Case presentation: A 52-year-old patient consulted for a picture of thyrotoxicosis associating tremor, weight loss, polyphagia, irritability and thermophobia. Physical examination revealed a small goiter with a right lobar nodule and bilateral exophtalmia. Hormonal assessment showed a TSH at 0.002 mIU/l and FT4 at 47.1 pmol/l confirming peripheral hyperthyroidism. Anti-TSH receptor antibodies were positive at 40. The Graves disease was diagnosed confronted to the proptosis and the positivity of the antibodies. Neck ultrasound showed a hypervascularized goiter and two right lobar nodules classified EU-TIRADS III measuring 7.1 mm and 2.3 mm respectively. Scintigraphy showed an increased diffuse iodine uptake of the thyroid gland along with a partially extinctive thyroid nodule.
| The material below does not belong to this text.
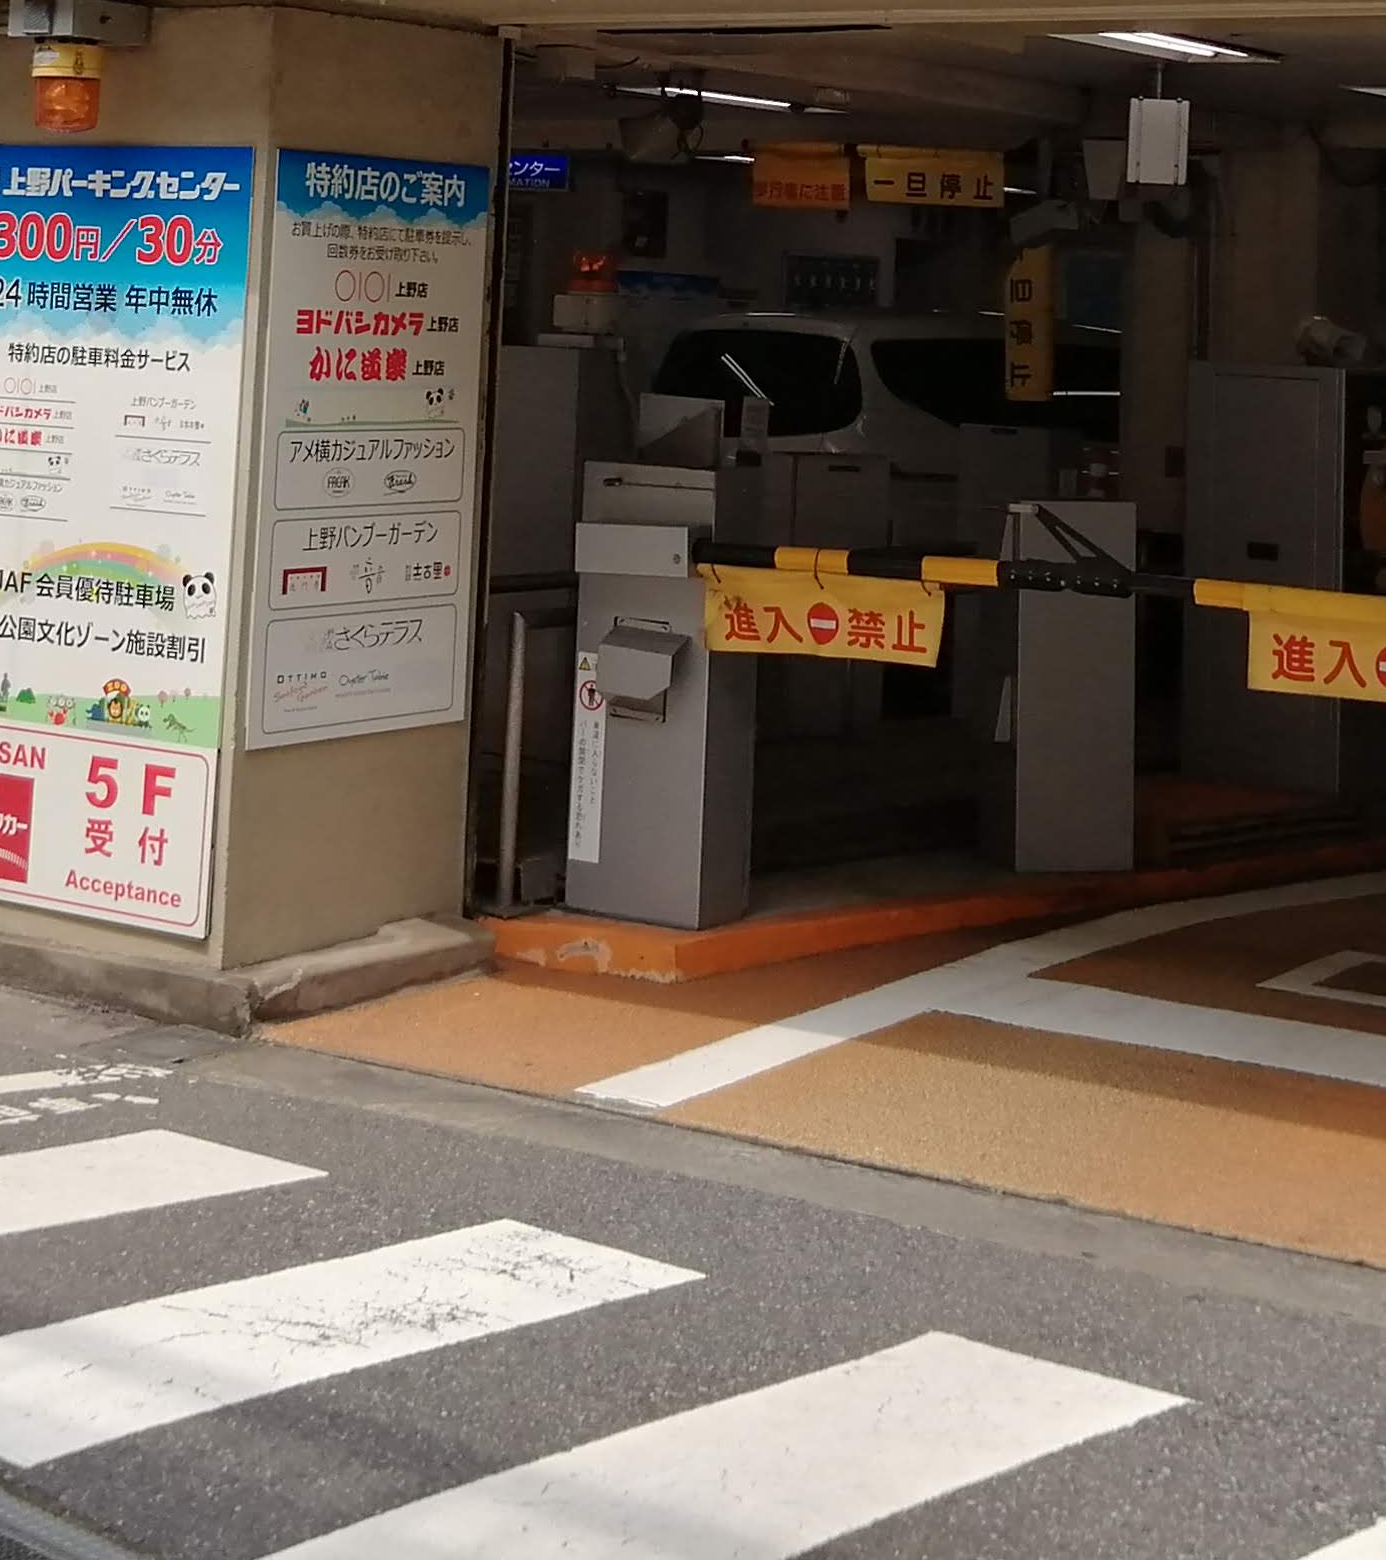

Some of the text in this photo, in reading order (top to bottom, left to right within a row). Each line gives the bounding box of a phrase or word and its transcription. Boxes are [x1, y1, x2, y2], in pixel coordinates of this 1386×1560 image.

The patient was put on 20 mg/d of thiamazol in preparation for a radical treatment by total thyroidectomy
Conclusions: The diagnosis of MLS is present in 2-4% of patients with MB; hence the inecessity of a neck ultrasound even in the presence of clinically or biologically obvious Graves disease, especially in the presence of a thyroid nodule. Scintigraphy is also required to characterize the nodule. The treatment of MLS is surgical, since resistance to synthetic antithyroid drugs is noted in these cases.